France | France, Cour administrative d'appel de Paris, 4eme chambre - formation b, 31 mars 2005, 01PA01218


Vu la requête, enregistrée le 4 avril 2001, présentée pour la VILLE DE PARIS représentée par son maire, par Me B... ; la VILLE DE PARIS demande à la cour :

1°) d'annuler le jugement n° 9827912 en date du 26 décembre 2000 par lequel le Tribunal administratif de Paris a partiellement rejeté sa demande tendant à la condamnation conjointe et solidaire des sociétés Rineau Frères, Tunzini Nessi Entreprise Equipements, Nessi-Bigeault-Schmitt, Cofreth, Semah, Génie Thermique Climatique Maintenance, Socotec, Groupement Thermique des Halles et M. X à lui verser la somme de 8 110

000 F, avec indexation sur l'indice INSEE de la construction, au titre...

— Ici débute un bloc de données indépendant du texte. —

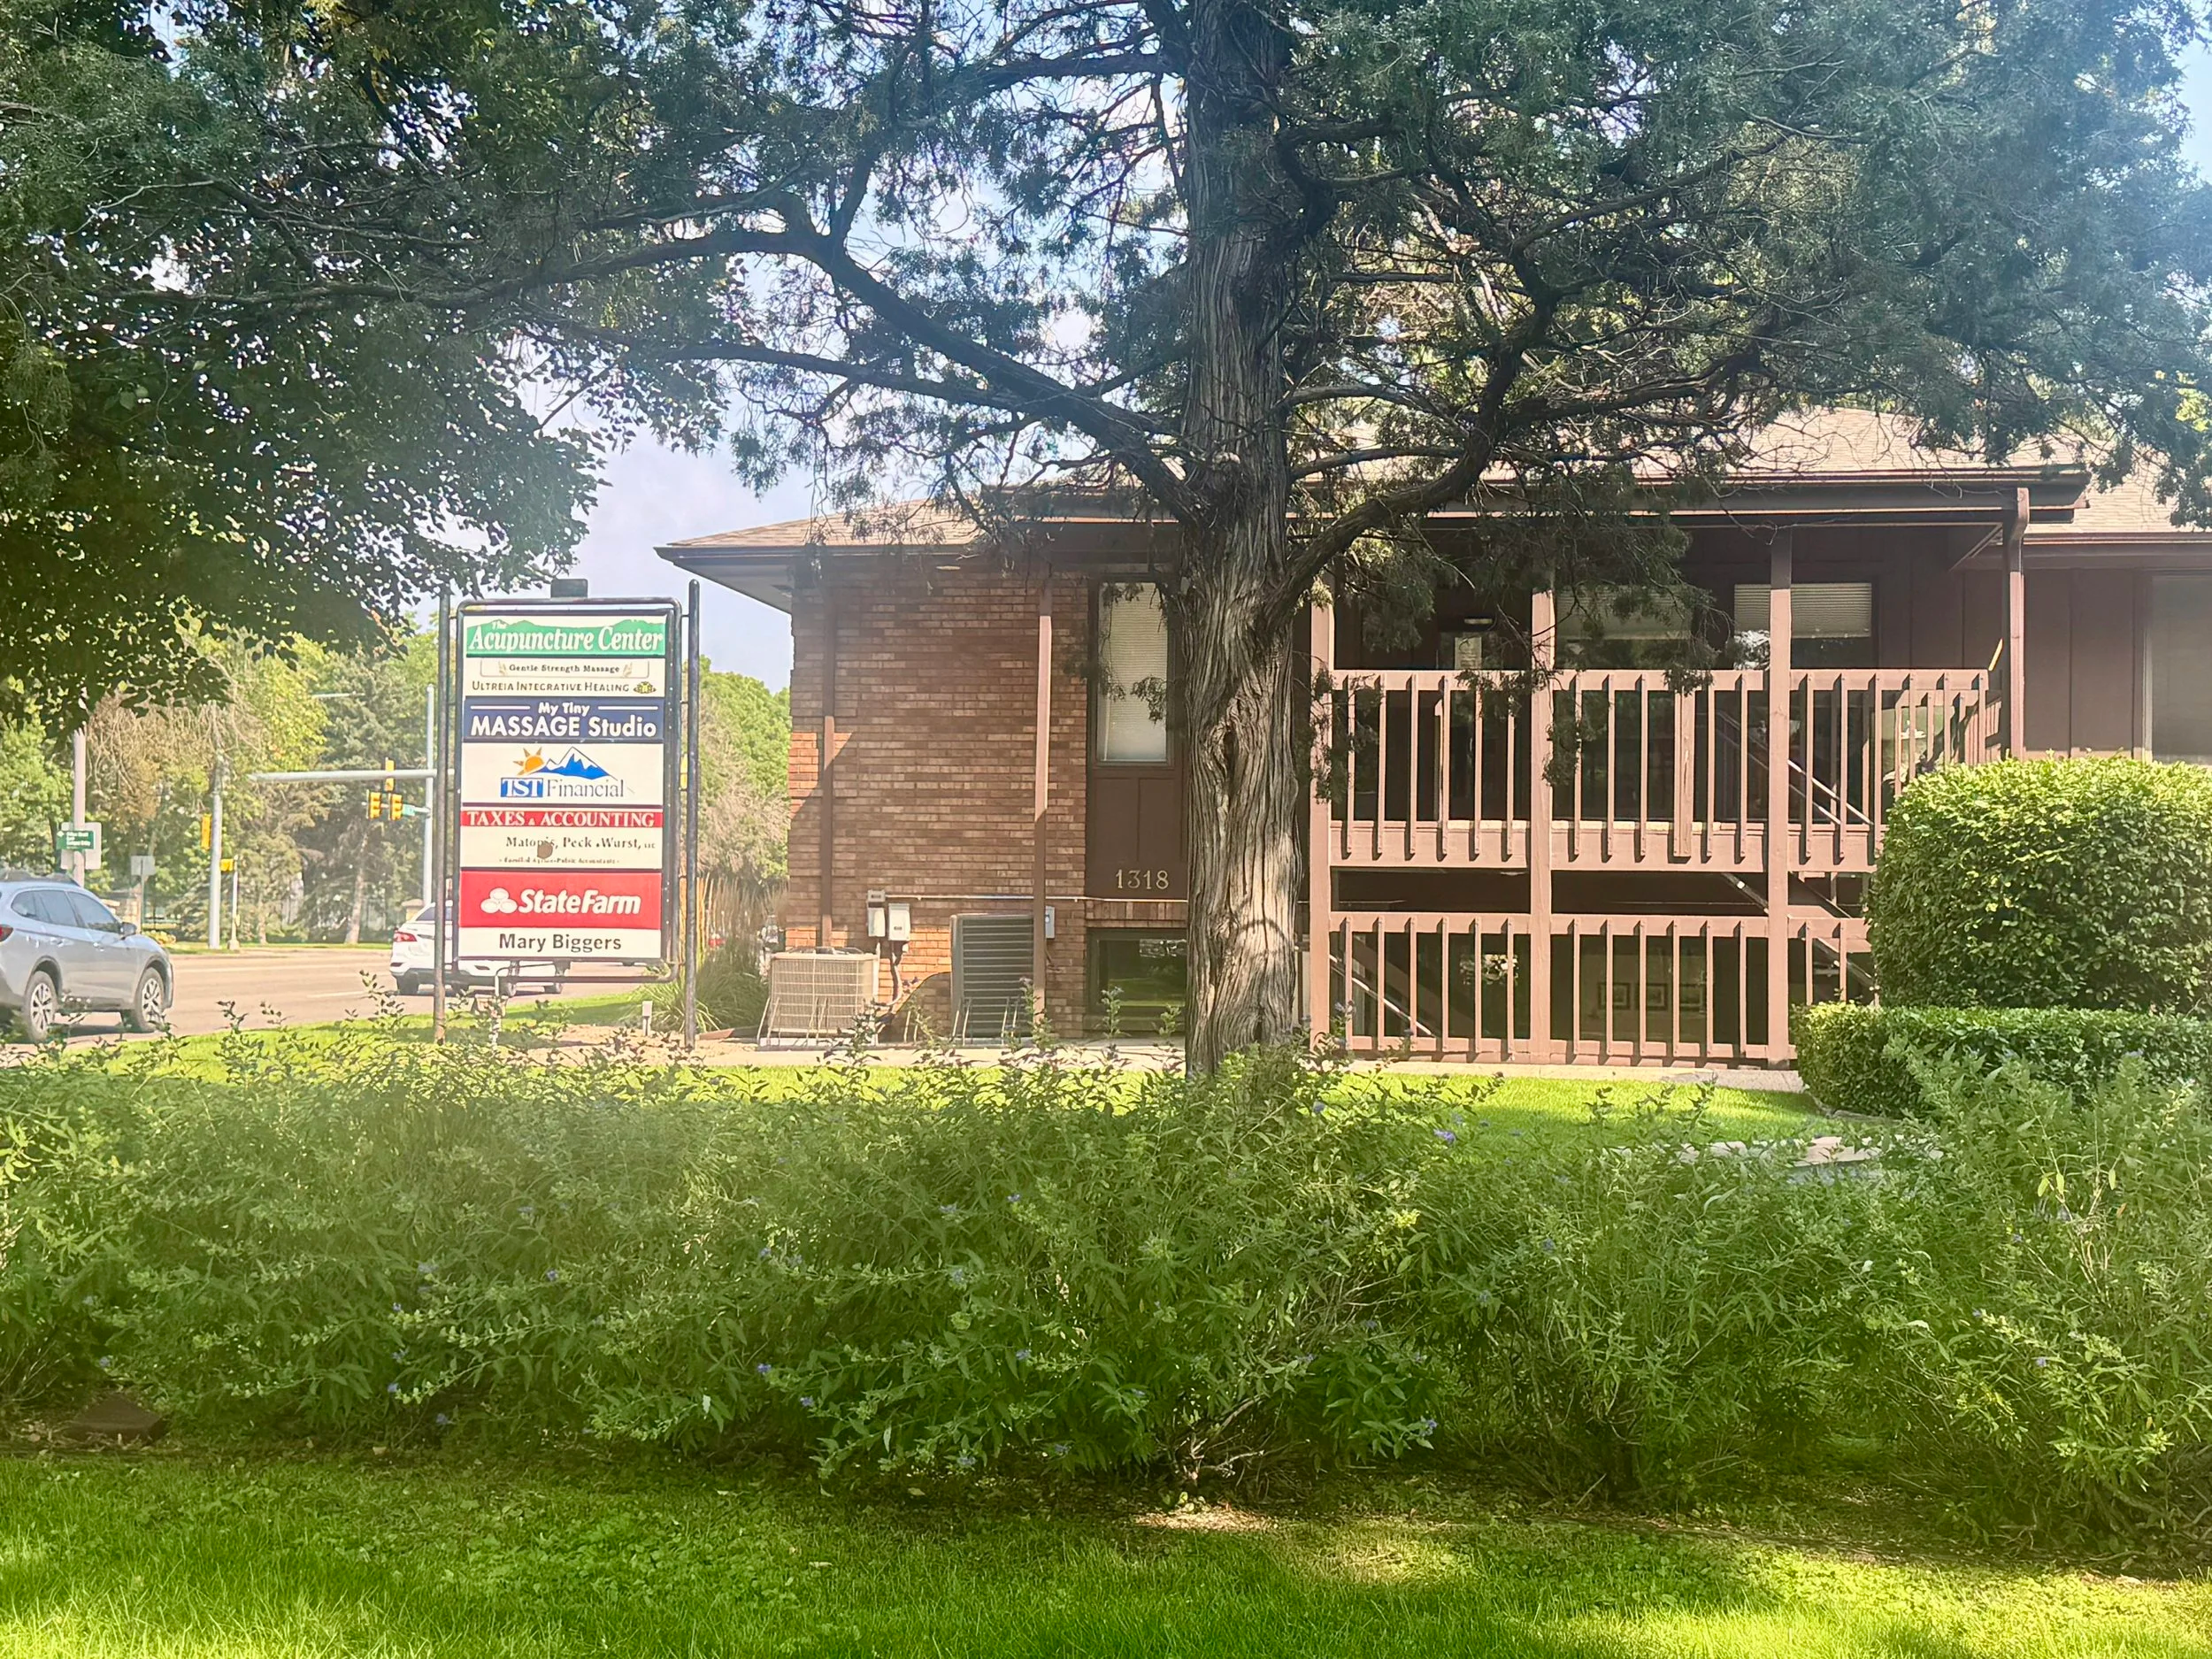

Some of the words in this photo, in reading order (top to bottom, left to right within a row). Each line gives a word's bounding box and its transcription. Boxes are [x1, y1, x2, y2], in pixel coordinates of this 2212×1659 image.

Vu la requête, enregistrée le 4 avril 2001, présentée pour la VILLE DE PARIS représentée par son maire, par Me B... ; la VILLE DE PARIS demande à la cour :

1°) d'annuler le jugement n° 9827912 en date du 26 décembre 2000 par lequel le Tribunal administratif de Paris a partiellement rejeté sa demande tendant à la condamnation conjointe et solidaire des sociétés Rineau Frères, Tunzini Nessi Entreprise Equipements, Nessi-Bigeault-Schmitt, Cofreth, Semah, Génie Thermique Climatique Maintenance, Socotec, Groupement Thermique des Halles et M. X à lui verser la somme de 8 110 000 F, avec indexation sur l'indice INSEE de la construction, au titre des travaux de réparation des désordres affectant l'installation des systèmes de désenfumage des équipements publics des Halles, la somme de 973 200 F au titre des frais annexes, la somme de 386 738 F au titre des frais d'expertise et à lui rembourser les déficits d'exploitation correspondant à la durée des travaux de réfection, le tout majoré des intérêts au taux légal ;

2°) de condamner conjointement et solidairement les sociétés Rineau Frères, Tunzini Nessi Entreprise Equipement, Groupement Thermique des Halles, Cofreth, Socotec et Semah à lui verser les sommes de 8 110 000 F hors taxes et de 973 200 F, lesdites sommes étant indexées sur l'indice INSEE de la construction, les sommes de 386 738 F au titre des frais d'expertise et de 155 563, 15 F en remboursement des frais avancés pour l'exécution de l'expertise, le tout majoré des intérêts au taux légal à compter de la date d'enregistrement de sa requête ;

3°) de condamner les mêmes sociétés à lui verser la somme de 20 000 F au titre des frais irrépétibles ;

..................................................................................................................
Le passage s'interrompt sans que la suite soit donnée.